大橋美加のシネマフル・デイズ
2010年 ノルウェー・フランス・スウェーデン・ポーランド合作映画
マリウス・ホルスト監督
(Kongen av Bastøy )
門盲の少年が紡ぐ、傷を負った鯨の物語。
その口から出た言葉を文字にする、もうひとりの少年。
言葉は絆となる。
光の射さない、冷たい色、寒い色に支配されている島。
舞台は1915年、ノルウェーのオスロ南方にある孤島バストイ島の
少年矯正施設に、二人の少年が送り込まれるところから、映画は始まる。
細身で色白のイーヴァル、もう一人はガッチリとした体格に 不敵な面構えのエーリングである。

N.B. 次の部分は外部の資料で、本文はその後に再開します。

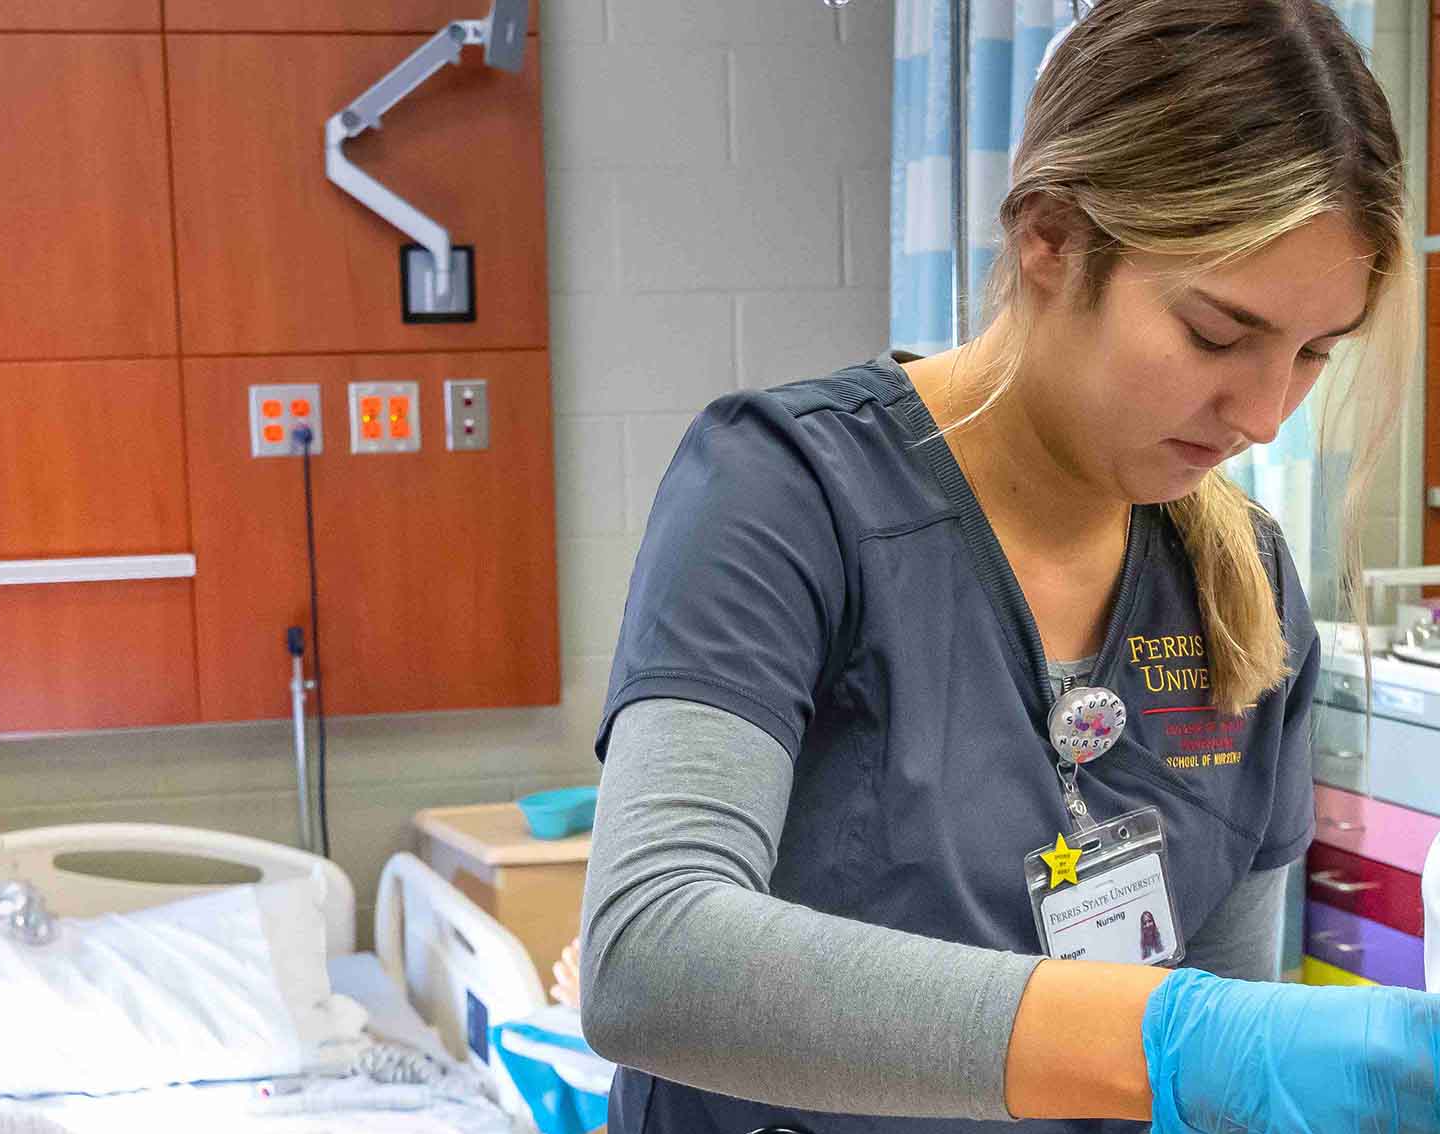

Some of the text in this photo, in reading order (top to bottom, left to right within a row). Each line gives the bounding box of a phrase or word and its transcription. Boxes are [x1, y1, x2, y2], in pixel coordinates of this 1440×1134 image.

[1127, 635, 1204, 663] FERRIS
[1140, 664, 1210, 692] UNIVE
[1066, 698, 1124, 727] STUDENT
[1059, 738, 1110, 749] NURSE
[1166, 755, 1200, 769] SCHOOL
[1202, 754, 1211, 767] OF
[1050, 873, 1161, 925] FERRIS STATE UNIVERSITY
[1096, 911, 1126, 929] Nursing
[1060, 946, 1087, 961] Megan

既にこの二人を同等に”少年”と括って然るべきかと疑問の湧く滑り出し。
もう少しで卒院である優等生オーラヴと、視線を交わすエーリング。
院の日常は感情表現を排して淡々と描かれるが、ふと顔を見るとあどけない子もいる。
収容されているのは11歳から18歳。
それぞれに闇を抱えてはいるが、此処は刑務所ではない。
規則を守っていれば、やがては卒院できるのだ。
獣の魂を宿した眼光を放つエーリングの出現により、突き動かされてゆく少年たち・・・
当初は反発しながらも、次第に心を通わせてゆくエーリングとオーラヴ。
事実を下敷きにしたストーリーに、歯止めは掛けられない。
院長には国際的に活躍するスウェーデン出身のステラン・スカルスガルドが扮し、
大柄な体躯で威圧感を発散させるが、少し役不足にも見受けられる。
海原をのたうちまわる鯨のイメージが頭から離れない。
この景観、このクライマックス、この悔恨を、見届けて欲しい!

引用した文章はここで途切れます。